# A very unusual catty!



## torsten (Feb 9, 2010)

This was much work!!
I had this fork left over from last year:









And this came out after hours of work. Used my knife, rasp, file, a tool similar to dremel, sandpaper and lineseed oil.




























Shooting "gangsta







" - style; black, long and fast TB















All in all it is an unusual natural, but shoots quite ok.

Best regards
Torsten


----------



## NoSugarRob (Jun 3, 2010)




----------



## Frodo (Dec 19, 2009)

That's very impressive. 
All the best
Friedrich


----------



## geckko (Sep 9, 2010)

Hi

wonderfull i like your style.


----------



## JoergS (Dec 17, 2009)

Respect, Torsten. Your frames have style, finish and appeal.

Jörg


----------



## jephroux (Dec 21, 2009)

WOW TO COOL


----------



## Rayshot (Feb 1, 2010)

Another terrific catty Torsten.

I like the minor cracks (imperfections) in the wood. That character in the wood only adds to it's uniqueness and distinguishes it's real wood nature.


----------



## dragonmaster (Dec 24, 2009)

A true work of art every one seems to just keep getting better


----------



## Xidoo (Aug 14, 2010)

Please, somebody guide the gentleman to the fineartforum. Now, as a slingshot is just great. In the scale of 10 how about an 11?? Torten you are just a great resortero man. Saludos.
Xidoo,


----------



## Qucifer (Dec 27, 2010)

Amazing work

Q


----------



## torsten (Feb 9, 2010)

Guys, I´m really very happy about ALL your nice words!!

Thanks and 
best regards
Torsten


----------



## Holzwurm (Nov 5, 2010)

Very nice one again ,........looks like hazelnut to me ?

awesome work







, ..........greetz , Holzwurm


----------



## aussie (Dec 3, 2010)

I don't often use the words elegant and slingshot in the same sentence but in this case I will. Beautiful work.


----------



## jmplsnt (Jan 1, 2010)

That's a magnificent catty and absolutely glorious work. Well done mate and I love seeing what you have to offer.


----------



## dgui (Jan 12, 2010)

Works of Art, the best I have seen .


----------



## Dayhiker (Mar 13, 2010)

_*Wow! Fantastic work.*_


----------



## mxred91 (Aug 8, 2010)

A sculptor with wood. Unreal, I am astounded. You have a vision for these things I do not have.


----------



## Devoman (Oct 15, 2010)

I can't add any more, that just amazing!


----------



## Nico (Sep 10, 2010)

That is simply beautiful.. Well done my friend...


----------



## Bill Hays (Aug 9, 2010)

Sweet!


----------



## The Gopher (Aug 25, 2010)

thats awesome!


----------



## M.J (Nov 1, 2010)

Truly amazing! It almost doesn't even matter how it shoots, but the fact that it does makes it all that much cooler.
Great work!


----------



## Chepo69 (May 1, 2010)

Your getting off the potty my friend! sé que estas frases se le indigestan al traslator de Google pero lo que quicé decir es que: "Te estas haciendo fuera de la bacinica mi amigo" es algo así como "no te mides" (Do not you measure)

Beautiful! and that wood?


----------



## just me (Nov 9, 2010)

Nothing to say, just great work.
Not bad at all!


----------



## Martin (Jan 17, 2010)

Beautiful work.


----------



## CHANEKE_JOSH (Feb 10, 2010)

JESUS, MARY, JOSEPH AND THE BROWN DONKEY!!!! (hoooooly...!!)

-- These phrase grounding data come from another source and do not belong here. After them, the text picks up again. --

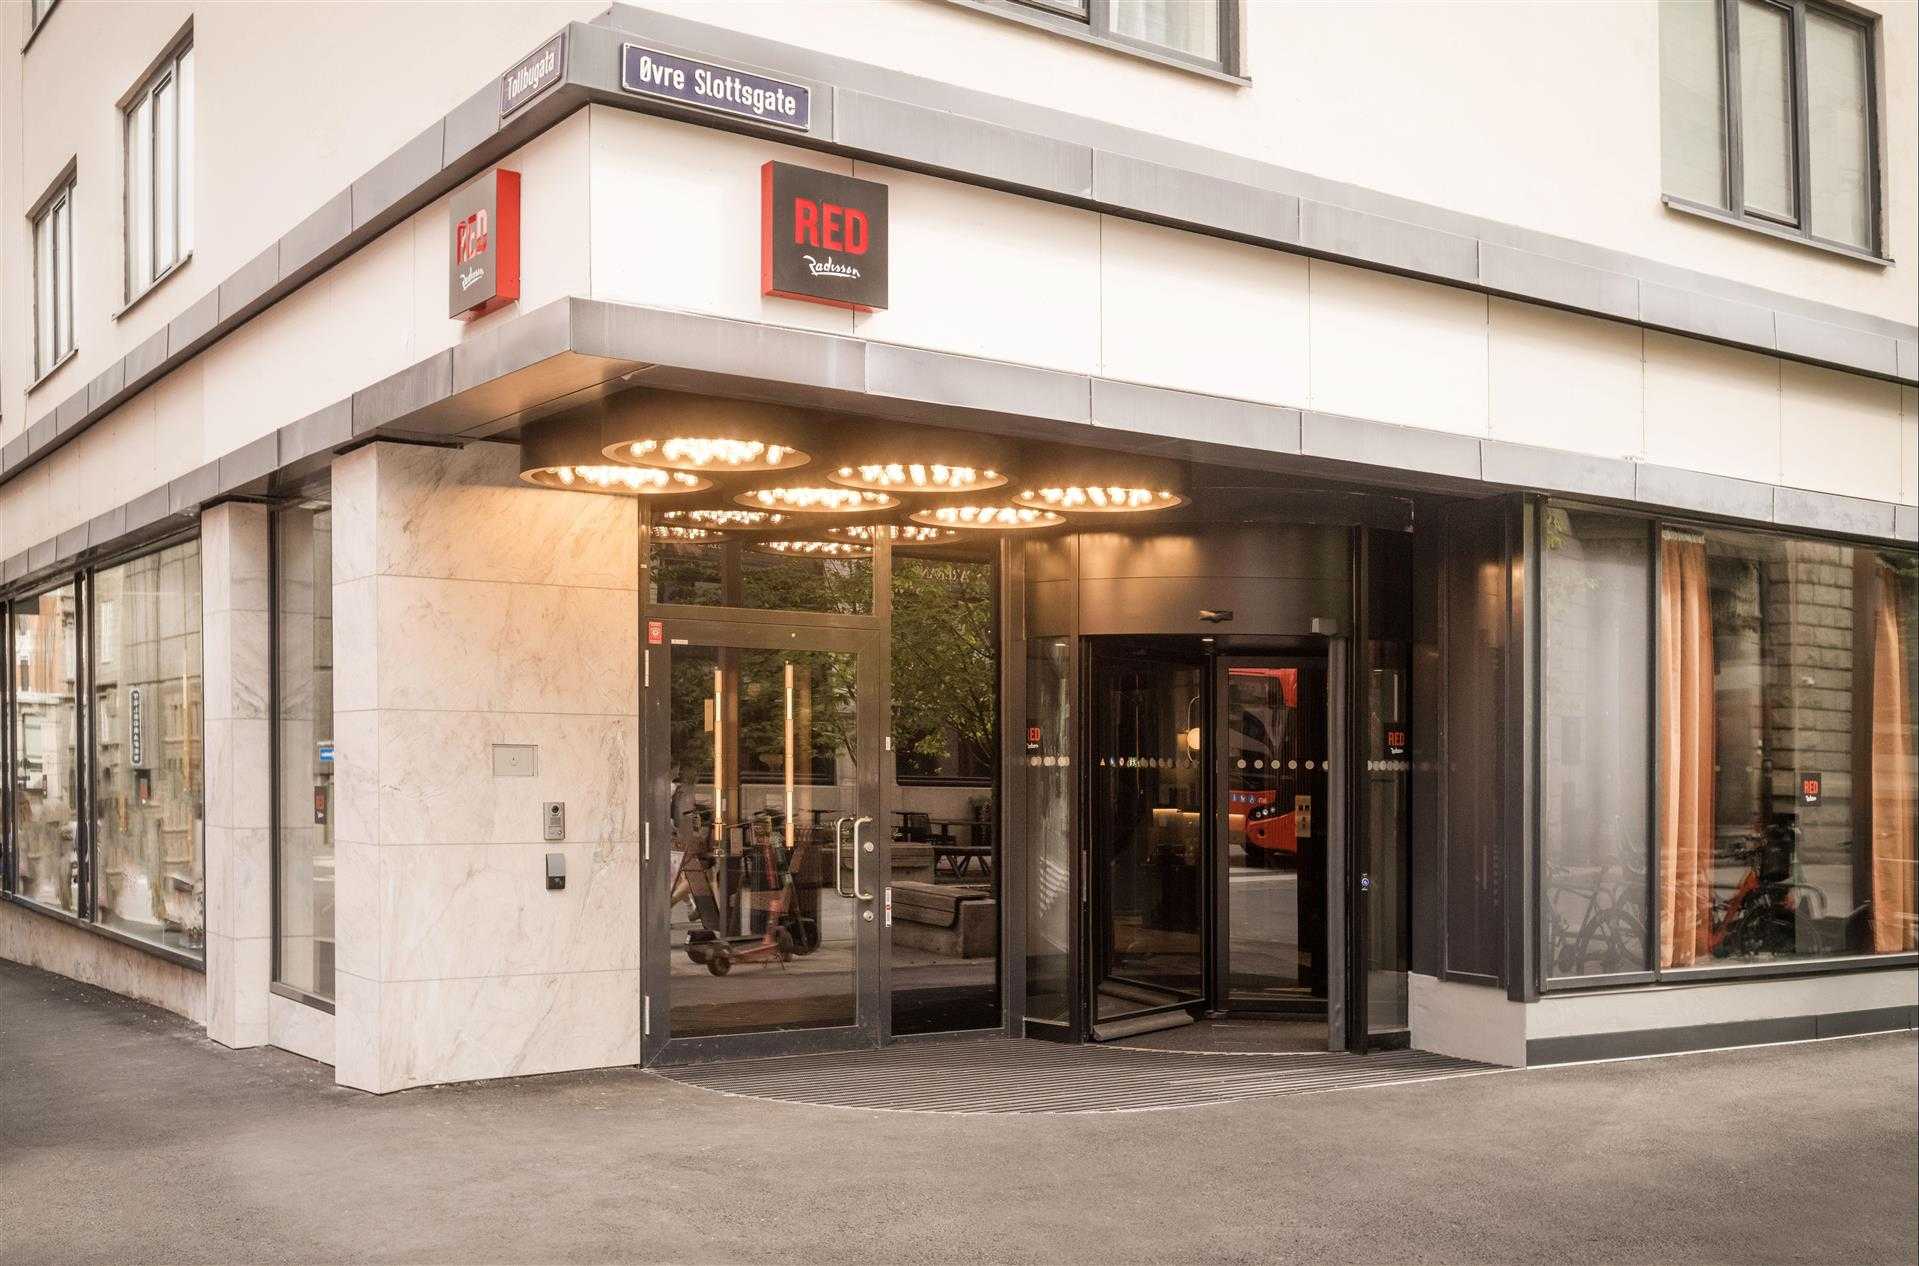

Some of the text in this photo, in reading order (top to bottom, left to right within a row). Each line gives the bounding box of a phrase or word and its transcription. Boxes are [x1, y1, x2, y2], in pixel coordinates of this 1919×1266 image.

[507, 50, 555, 100] Tollbugata
[639, 55, 796, 116] Øvre Slottsgate
[456, 208, 488, 266] RED
[794, 196, 870, 256] RED
[802, 254, 861, 279] Radisson
[1028, 727, 1041, 742] ED
[1388, 731, 1405, 746] RED
[1804, 780, 1819, 794] RED

this is one of the most intricate forks I've seen with my eyes!







*
**DUDE!!! TEACH ME!!* I will be your most dedicated padawan!!!


----------



## BaneofSmallGame (Sep 22, 2010)

Incredible handiwork Torsten!! I'll slot it right up there with your soapstone frame as some of the best I've seen.

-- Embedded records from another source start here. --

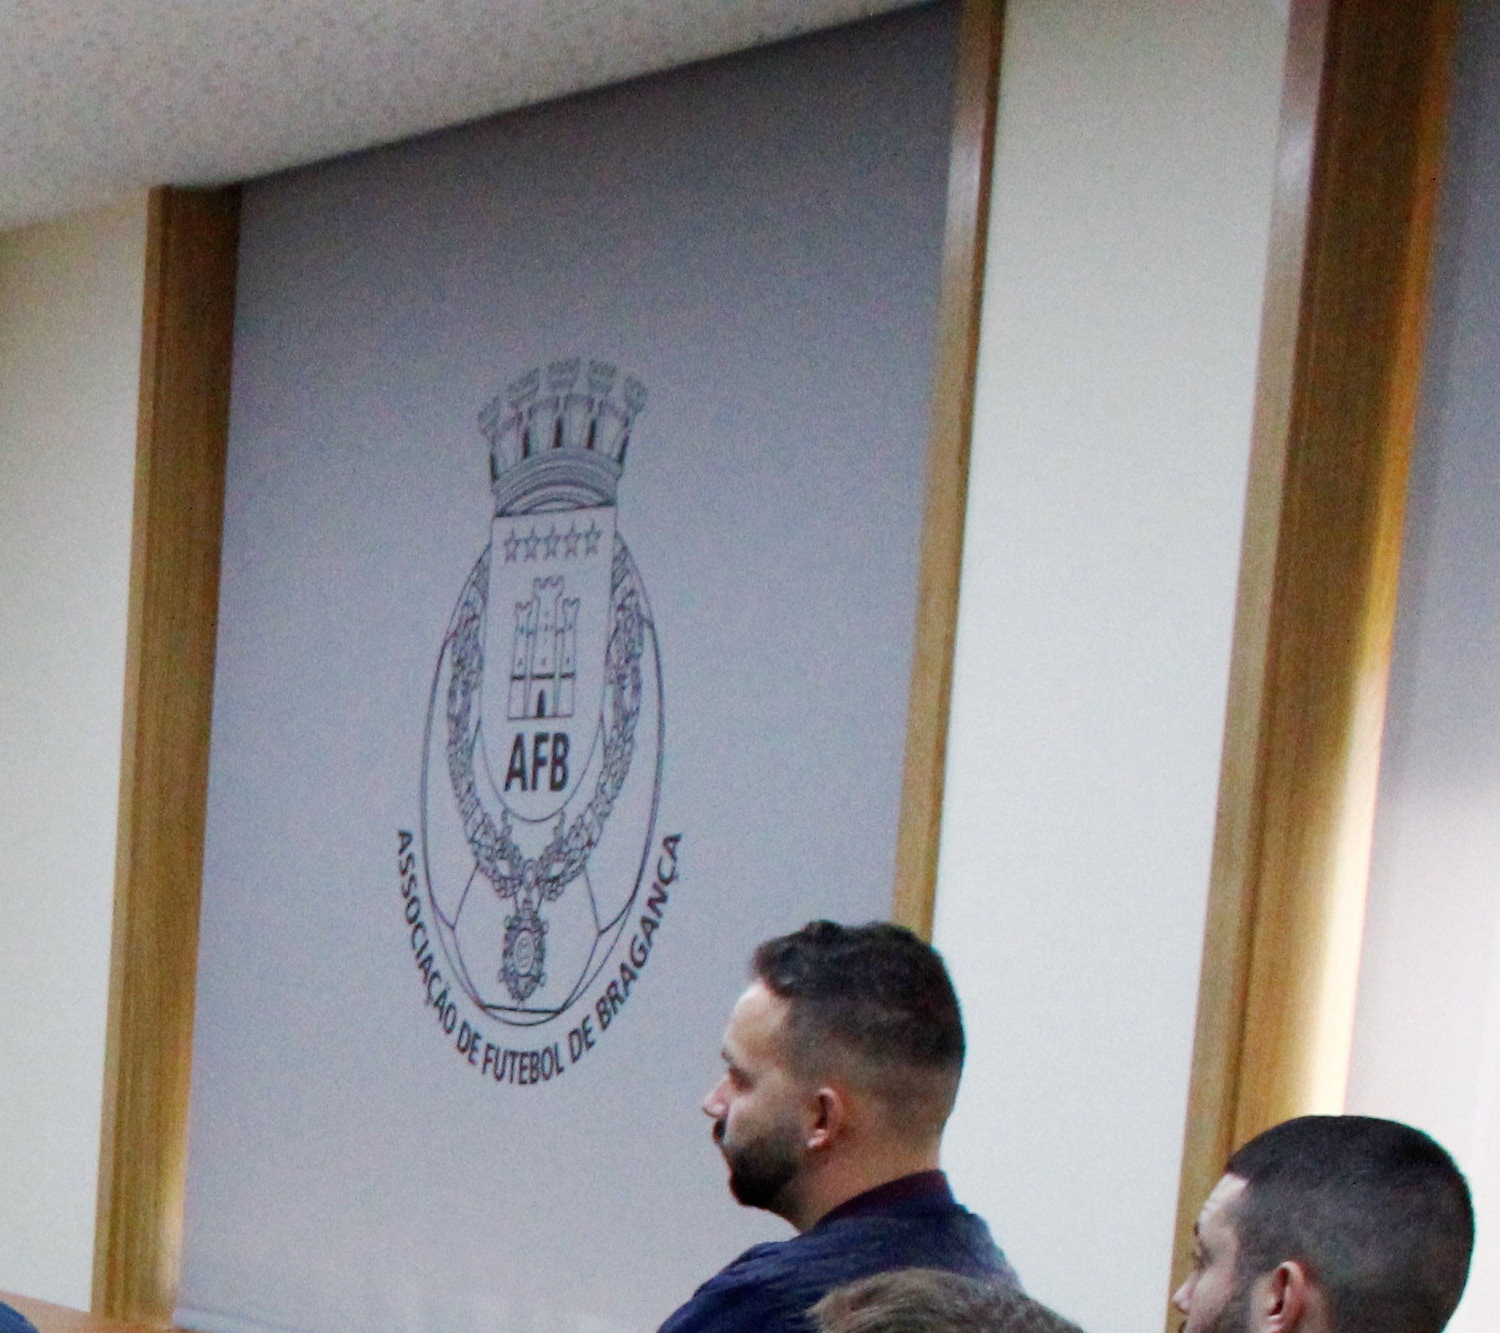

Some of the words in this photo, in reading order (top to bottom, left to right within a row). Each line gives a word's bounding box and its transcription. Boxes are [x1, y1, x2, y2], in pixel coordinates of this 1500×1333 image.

[503, 730, 572, 793] AFB
[397, 829, 459, 1036] ASSOCIAÇÃO
[456, 1020, 484, 1067] DE
[481, 1042, 566, 1087] FUTEBOL
[567, 1014, 597, 1065] DE
[595, 832, 684, 1033] BRAGANÇA
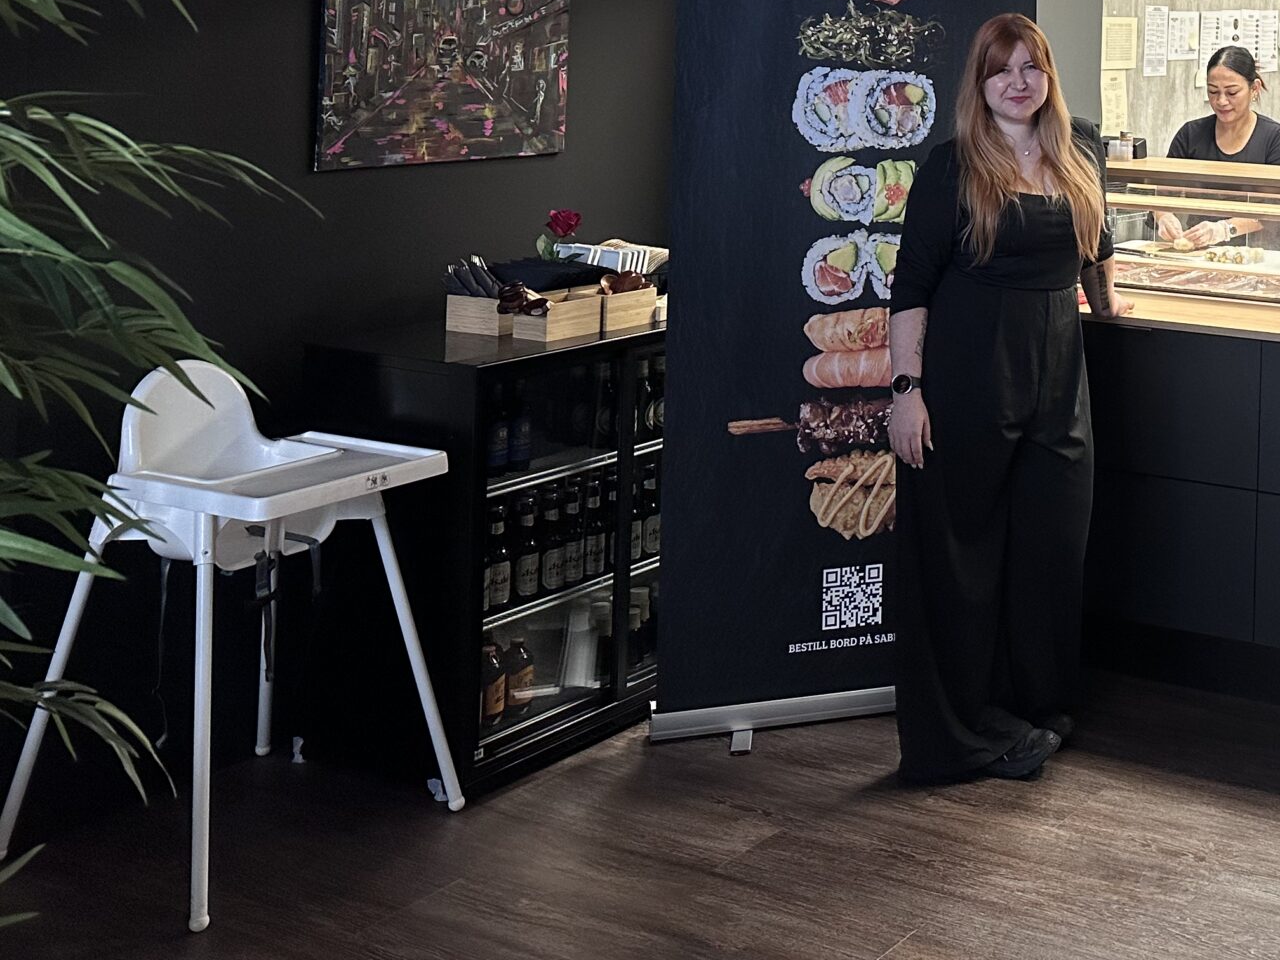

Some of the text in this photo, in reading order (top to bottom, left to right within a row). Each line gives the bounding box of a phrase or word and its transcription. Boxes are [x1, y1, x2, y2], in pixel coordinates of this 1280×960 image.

[788, 640, 829, 654] BESTILL
[830, 637, 858, 649] BORD
[859, 633, 873, 646] PÅ

Look everyone, do you see what can be done with a natural? The possibilities are almost limitless, I think this may further reinforce the ideals of all of us natural nuts!







Thank you for sharing, at least I know what I'm carving toward now......

Cheers - John


----------



## torsten (Feb 9, 2010)

Thanks guys!!

This catty is made out of plum wood.

When I start the to work on such natural forks I have no idea of what will be the result!
It`s always an interesting process!!

Regards
Torsten


----------



## brockfnsamson (Aug 25, 2010)

Could you show more "work in progress" pics? I just don't understand how you are even able to achieve these works.
Is that self taught, or have you been trained in some other form as a sculpture?


----------



## mxred91 (Aug 8, 2010)

BaneofSmallGame said:


> Incredible handiwork Torsten!! I'll slot it right up there with your soapstone frame as some of the best I've seen.
> 
> Look everyone, do you see what can be done with a natural? The possibilities are almost limitless, I think this may further reinforce the ideals of all of us natural nuts!
> 
> ...


I am with you on that John. I just about fell off my chair when I saw that. Torsten has raised the bar. Great to have a higher level for which to aspire.


----------



## Performance Catapults (Feb 3, 2010)

Astonishing craftsmanship torsten.


----------



## danny358 (Oct 3, 2010)

thats a cracker exellent.


----------



## slingshot 0703 (Mar 25, 2010)

beautiful specially the carving


----------



## Chuff (Dec 25, 2009)

Exquisite result.


----------



## Pikeman (Jun 22, 2011)

I didn't see this one until it was nominated for the SOTY competition, and I must say it is very very nice. It is a very elegant shape with plenty of character and a sweet finish. Thanks for showing it off, it has given me plenty of inspiration for a large birch fork I've been drying and am hoping to transform over the christmas holidays.


----------



## Rayshot (Feb 1, 2010)

That is something else!

My favorite feature is in the 4th photo down where you can see the crack on the bottom of the handle. It is the way the crack "fits" the elemental design character. At first I thought it was an intentional creative carving into the catty.


----------



## Sean (Nov 17, 2011)

Useable sculpture, wonderful piece!


----------



## torsten (Feb 9, 2010)

Hola,

that`s an "old" natural - but the one I put the most work in!
Unfortunately the wood cracked during the working process.
However, I like it - and thanks again for the nice words!!

Regards
Torsten


----------



## zhop (Dec 6, 2011)




----------



## MeatMechanic (Nov 13, 2011)

very cool dude , getting ready to rip into some huge cherry forks ,
once I peel the bark I dry um in the micro then we bond then I see what comes out ! MM


----------



## Danny0663 (Mar 15, 2011)

Torsten









This is one of the best naturals i have ever seen.
Absolute beauty, this frame should be kepted in a museum.

Perfection.


----------



## Classic Slingshot (Apr 27, 2011)

Nice work my friend very nice slingshot


----------



## valleyshifter (Dec 9, 2011)

_Way cool! nice work!_


----------



## Jim Williams (Jul 6, 2011)

Stunning piece of work, do you have a sculpting/woodworking background?


----------



## MrTriscuit (Oct 10, 2011)

Schön!


----------



## zhop (Dec 6, 2011)




----------



## torsten (Feb 9, 2010)

Thanks a lot!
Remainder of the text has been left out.